#### Task prompt
When you reach a picture, leave it out; output everything else in the records exactly.

#### Data for analysis
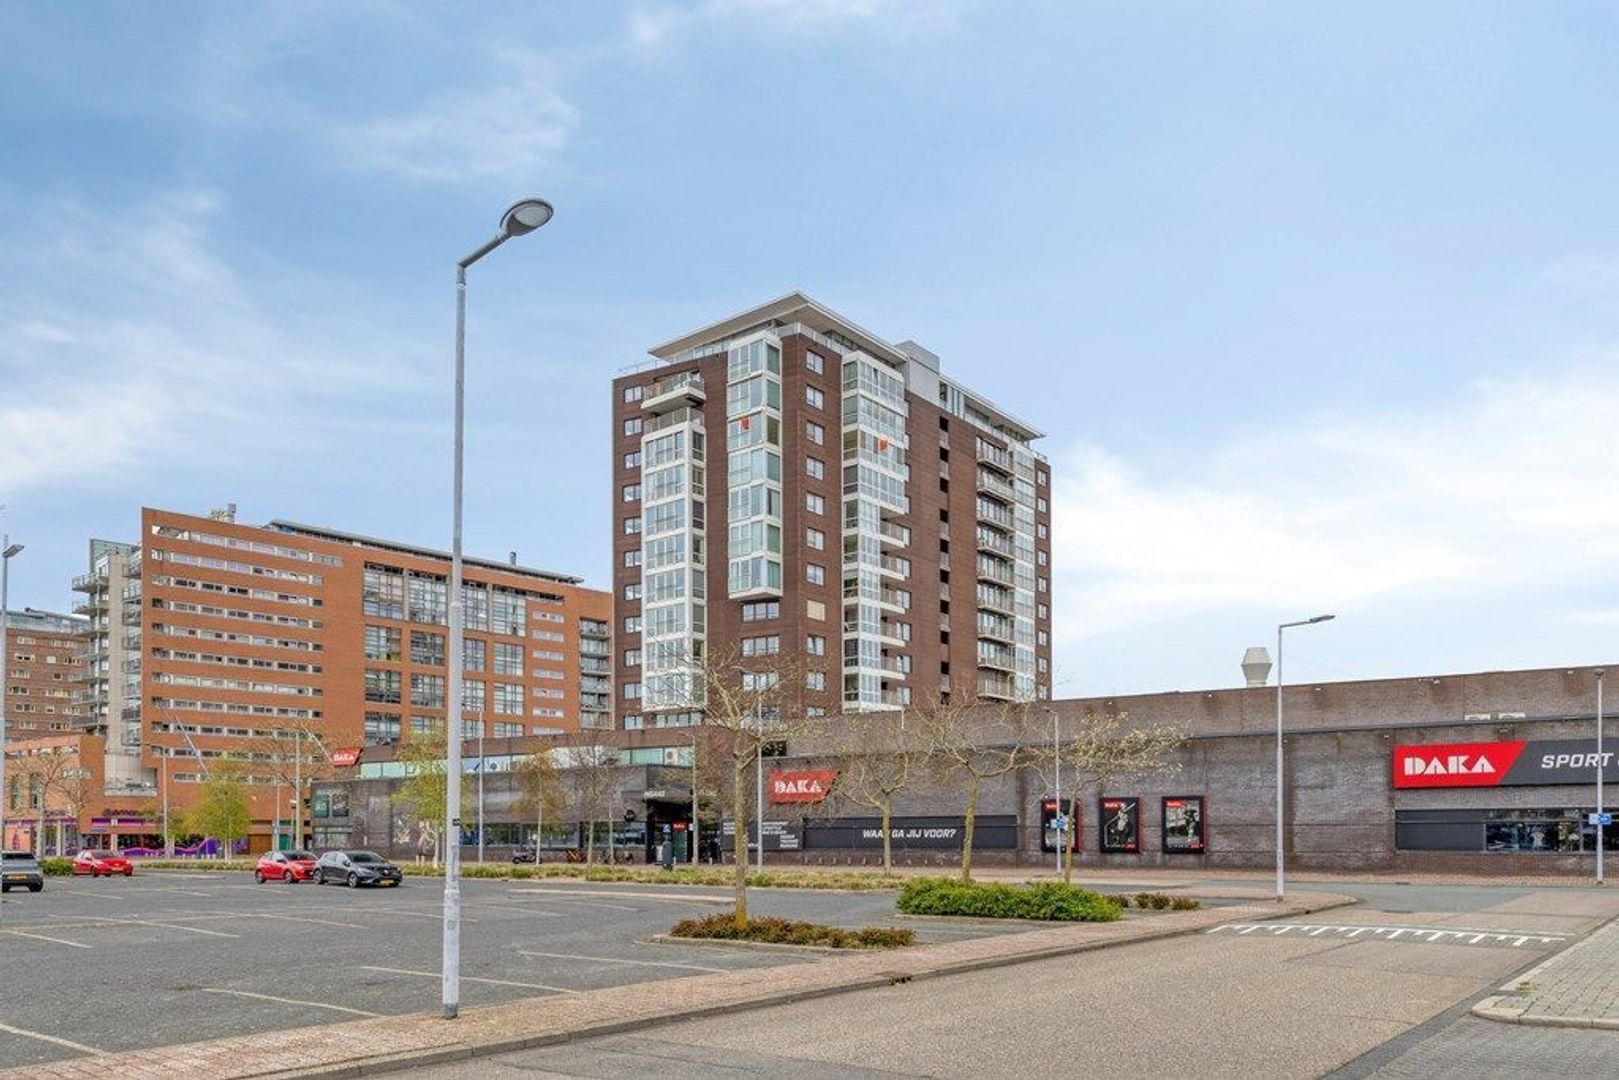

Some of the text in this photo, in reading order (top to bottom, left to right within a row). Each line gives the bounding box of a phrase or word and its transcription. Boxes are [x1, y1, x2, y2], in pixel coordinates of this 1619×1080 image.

[1403, 754, 1496, 776] DAKA
[1541, 752, 1614, 769] SPORT
[774, 779, 822, 793] DAKA
[863, 828, 957, 838] WAA GA JIJ VOOR?

#### Response below
Some of the text in this photo, in reading order (top to bottom, left to right within a row). Each line gives the bounding box of a phrase or word and its transcription. Boxes are [x1, y1, x2, y2], in pixel coordinates of this 1619×1080 image.

[1403, 754, 1496, 776] DAKA
[1541, 752, 1614, 769] SPORT
[774, 779, 822, 793] DAKA
[863, 828, 957, 838] WAA GA JIJ VOOR?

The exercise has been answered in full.